__What to produce__. Make an exact copy of all the entries, but do not reproduce the pictures.

Free-text object descriptions
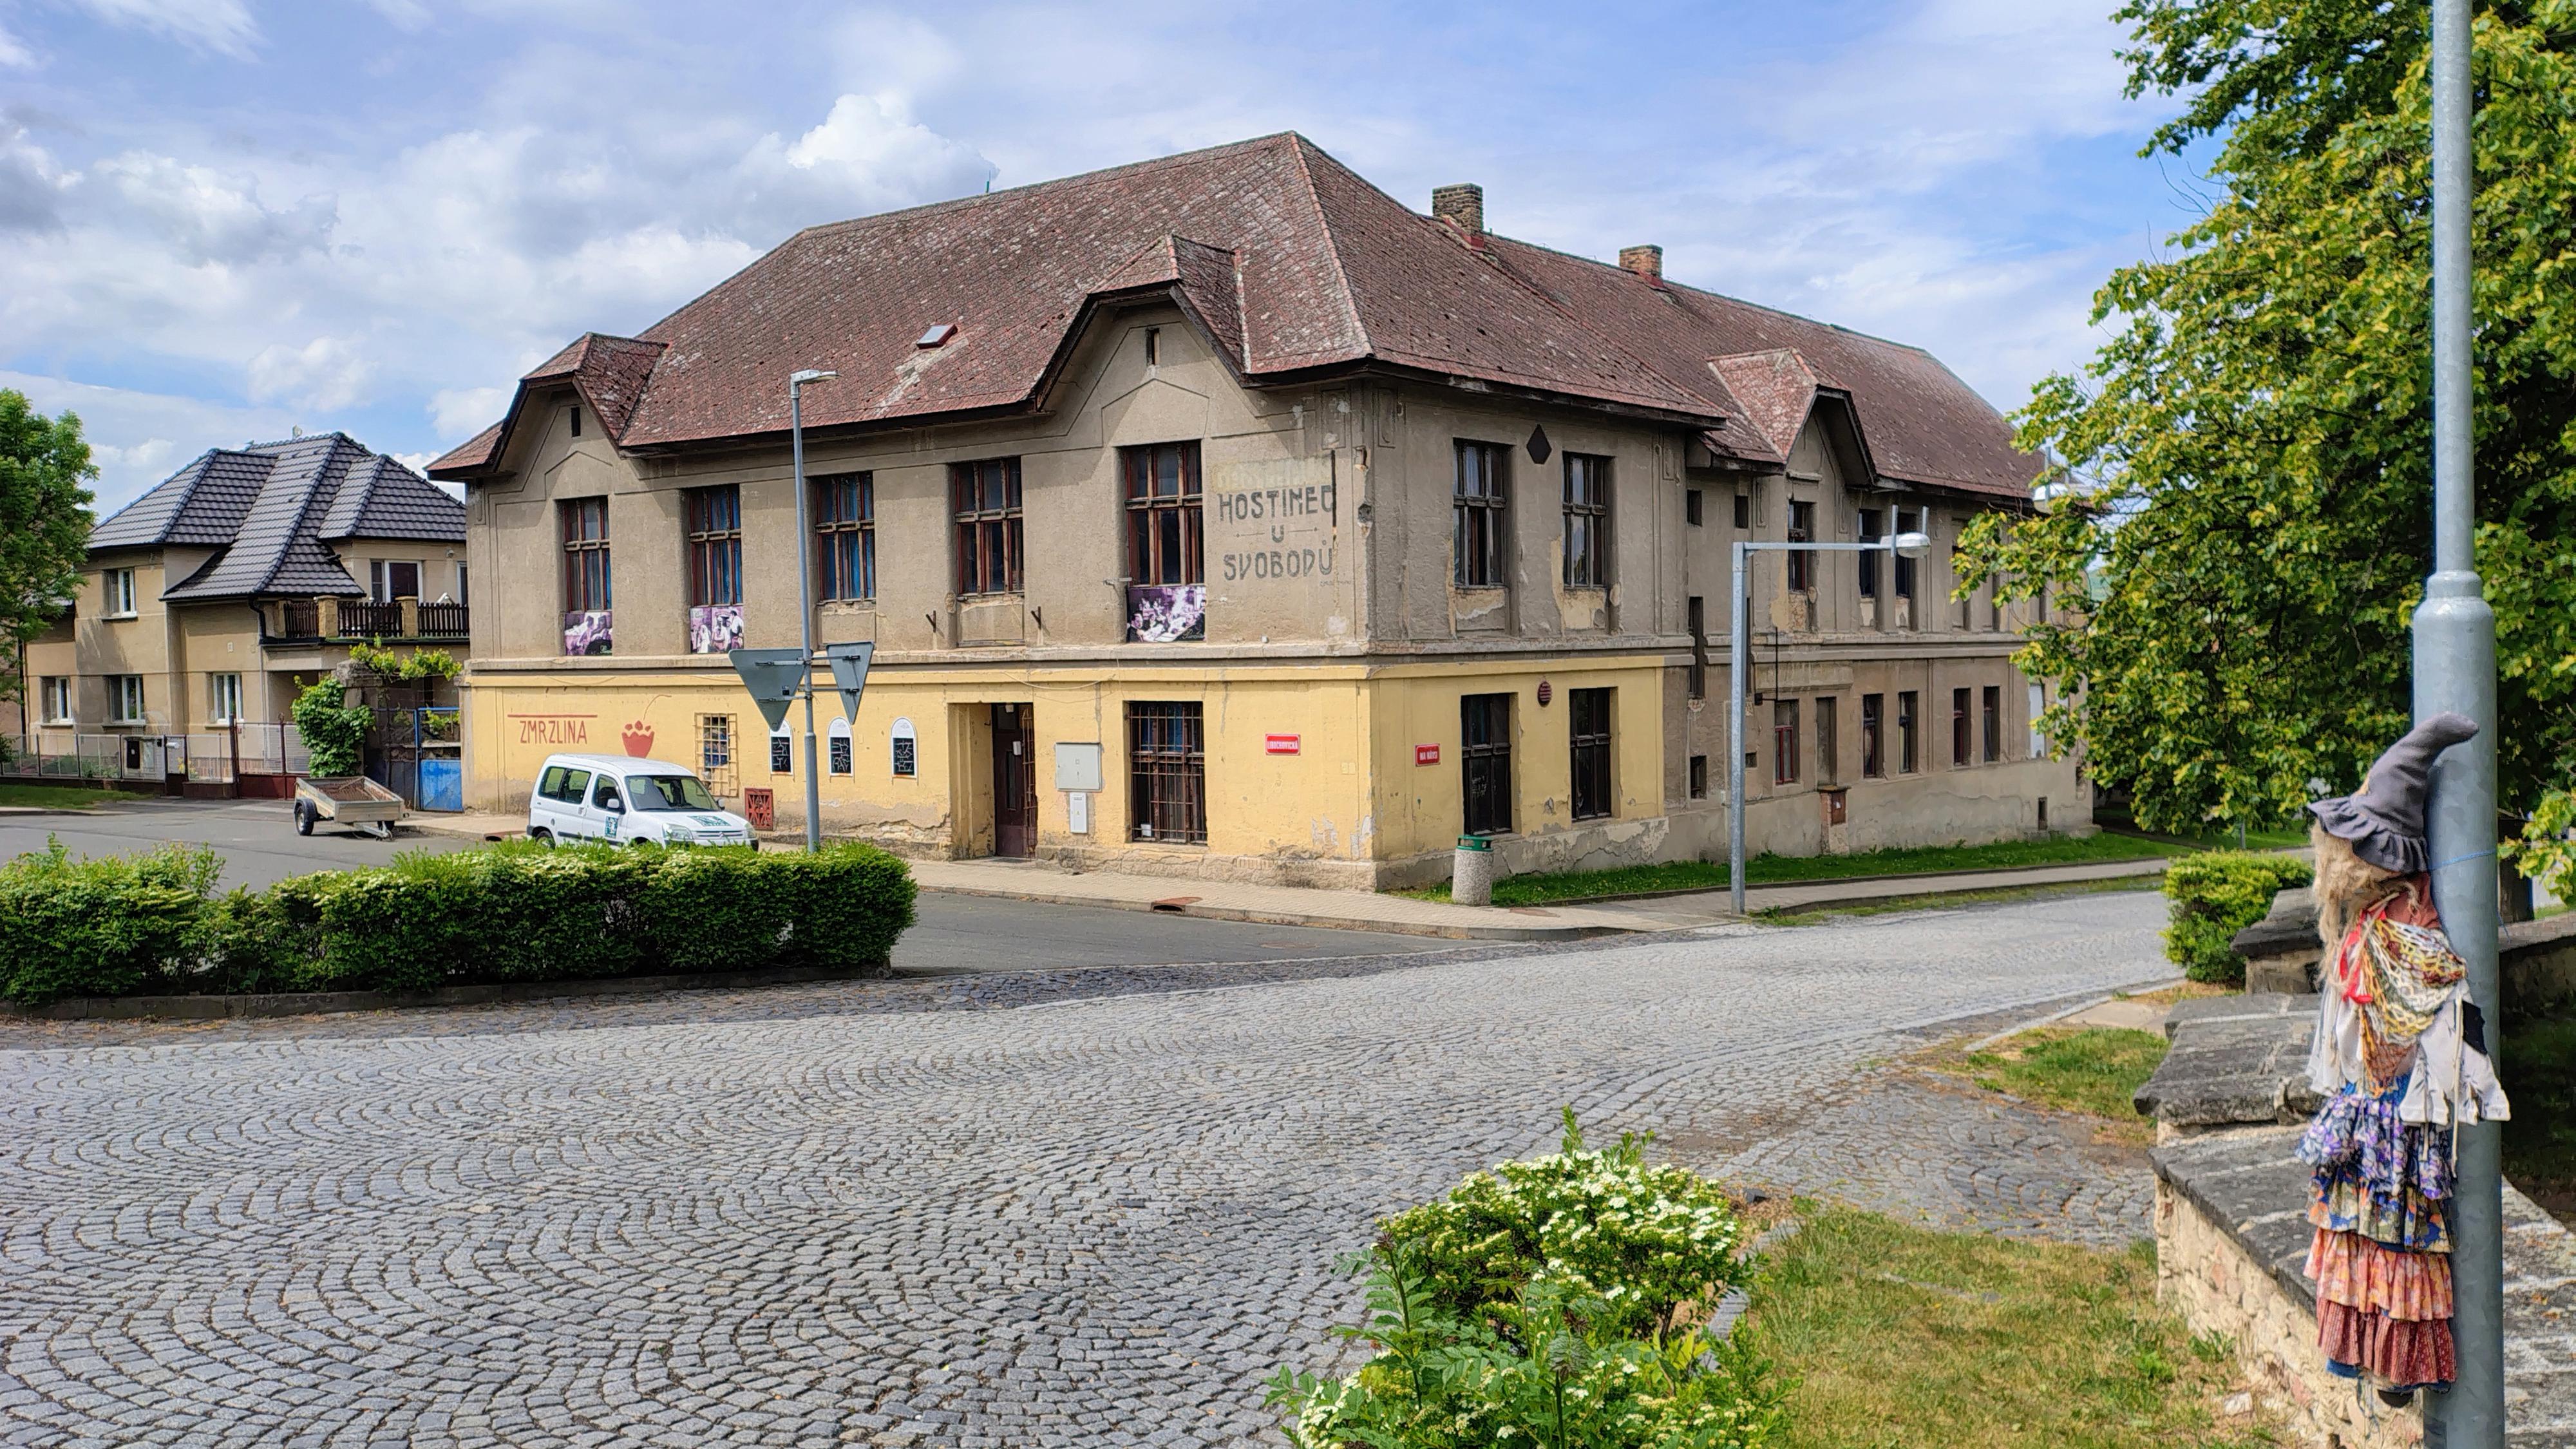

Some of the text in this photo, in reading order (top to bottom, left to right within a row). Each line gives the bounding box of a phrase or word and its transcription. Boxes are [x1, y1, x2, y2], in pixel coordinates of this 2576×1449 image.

[1218, 485, 1332, 524] HOSTINEC
[1271, 524, 1285, 543] U
[1224, 540, 1333, 580] SVOBODŮ
[520, 720, 587, 744] ZMRZLINA
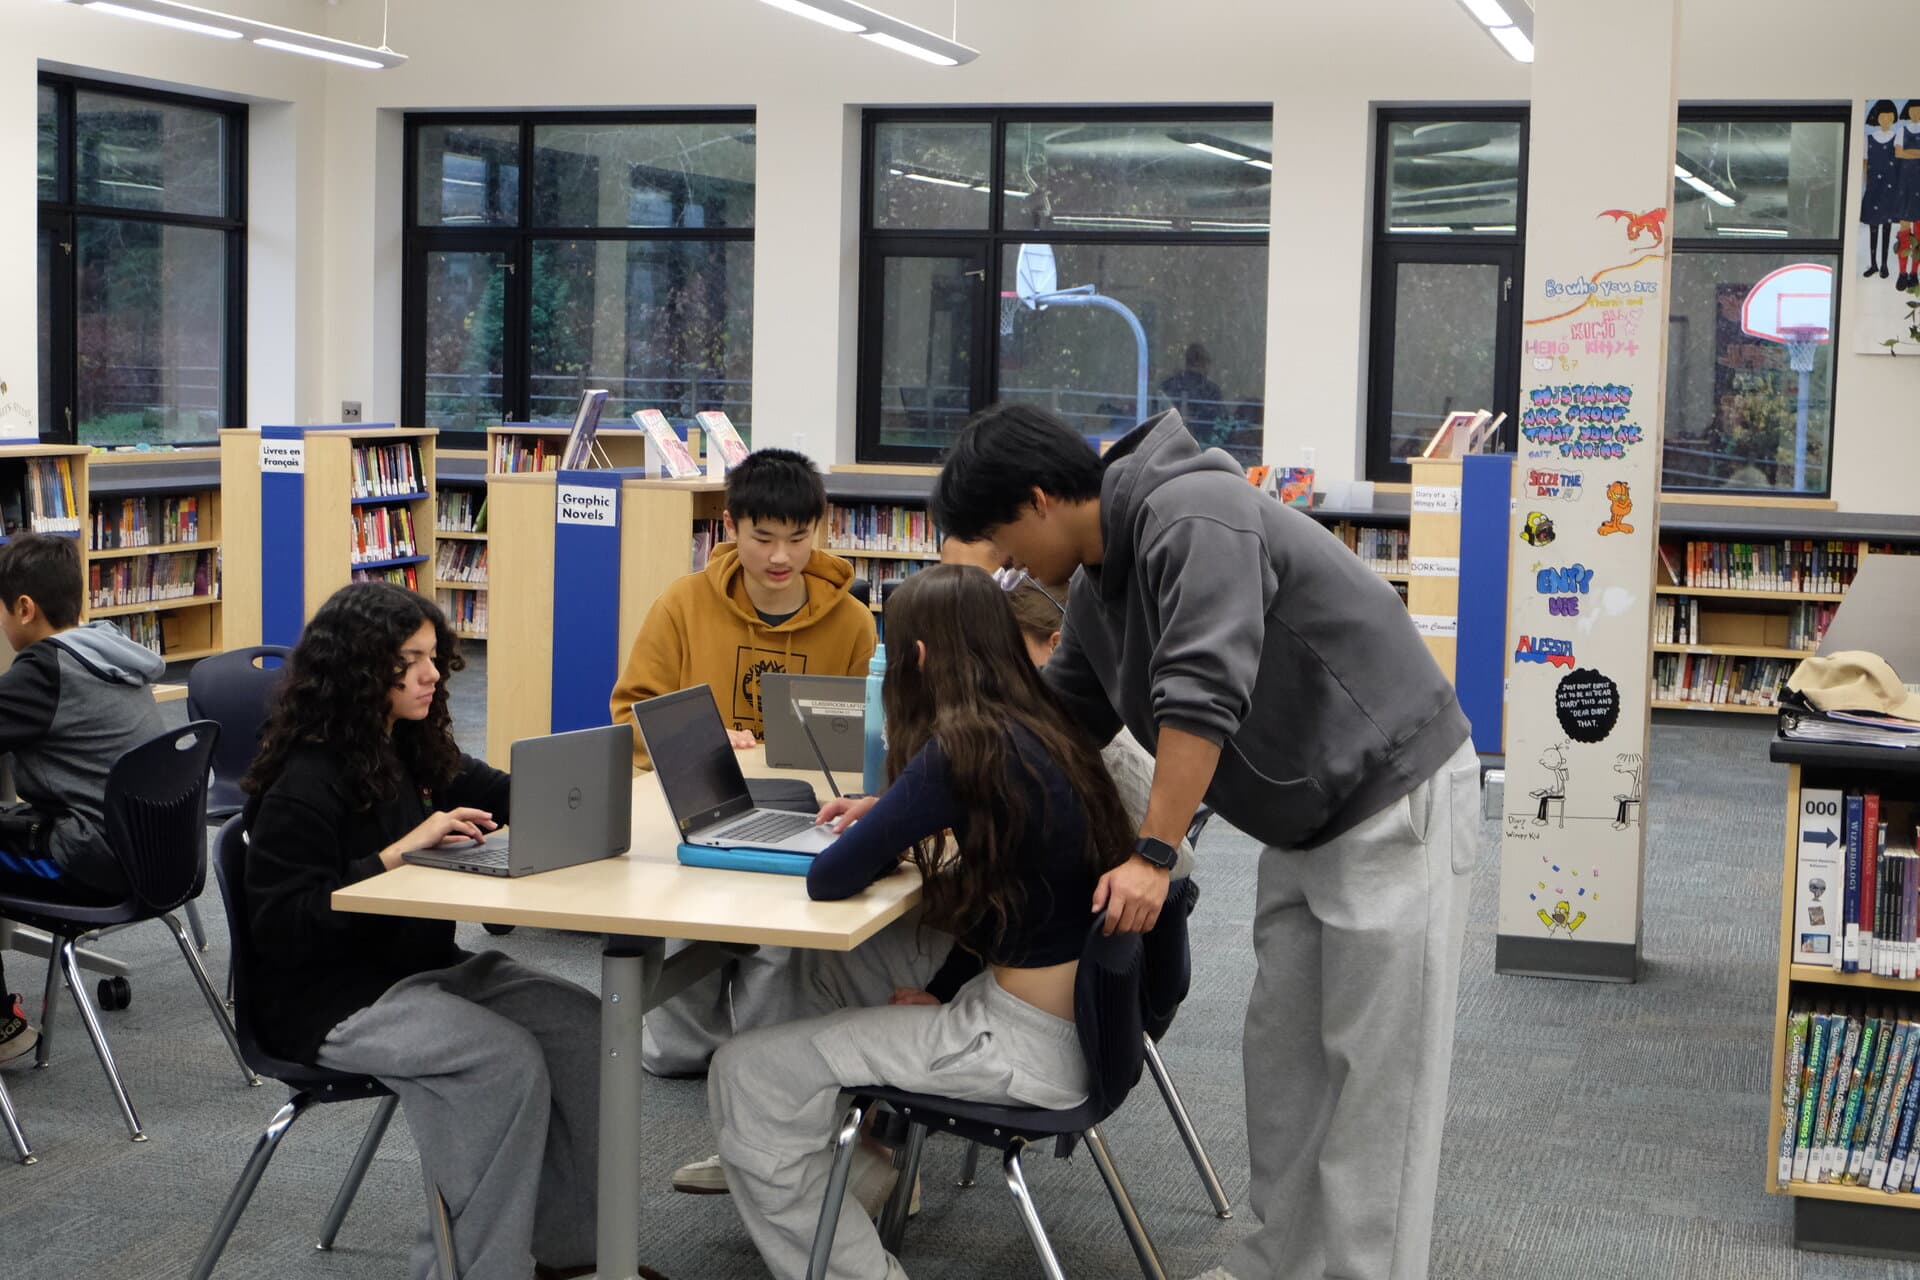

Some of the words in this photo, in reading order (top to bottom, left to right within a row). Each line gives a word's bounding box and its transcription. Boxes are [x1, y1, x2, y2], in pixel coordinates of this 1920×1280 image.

__Written response__.
Some of the text in this photo, in reading order (top to bottom, left to right within a row). Each line gives the bounding box of a phrase or word and its transcription. Boxes are [x1, y1, x2, y2], in pixel coordinates of this 2576×1449 image.

[1218, 485, 1332, 524] HOSTINEC
[1271, 524, 1285, 543] U
[1224, 540, 1333, 580] SVOBODŮ
[520, 720, 587, 744] ZMRZLINA

Some of the words in this photo, in reading order (top to bottom, left to right within a row). Each line gives a word's bounding box and its transcription. Boxes are [x1, y1, x2, y2], in pixel coordinates of this 1920×1280 image.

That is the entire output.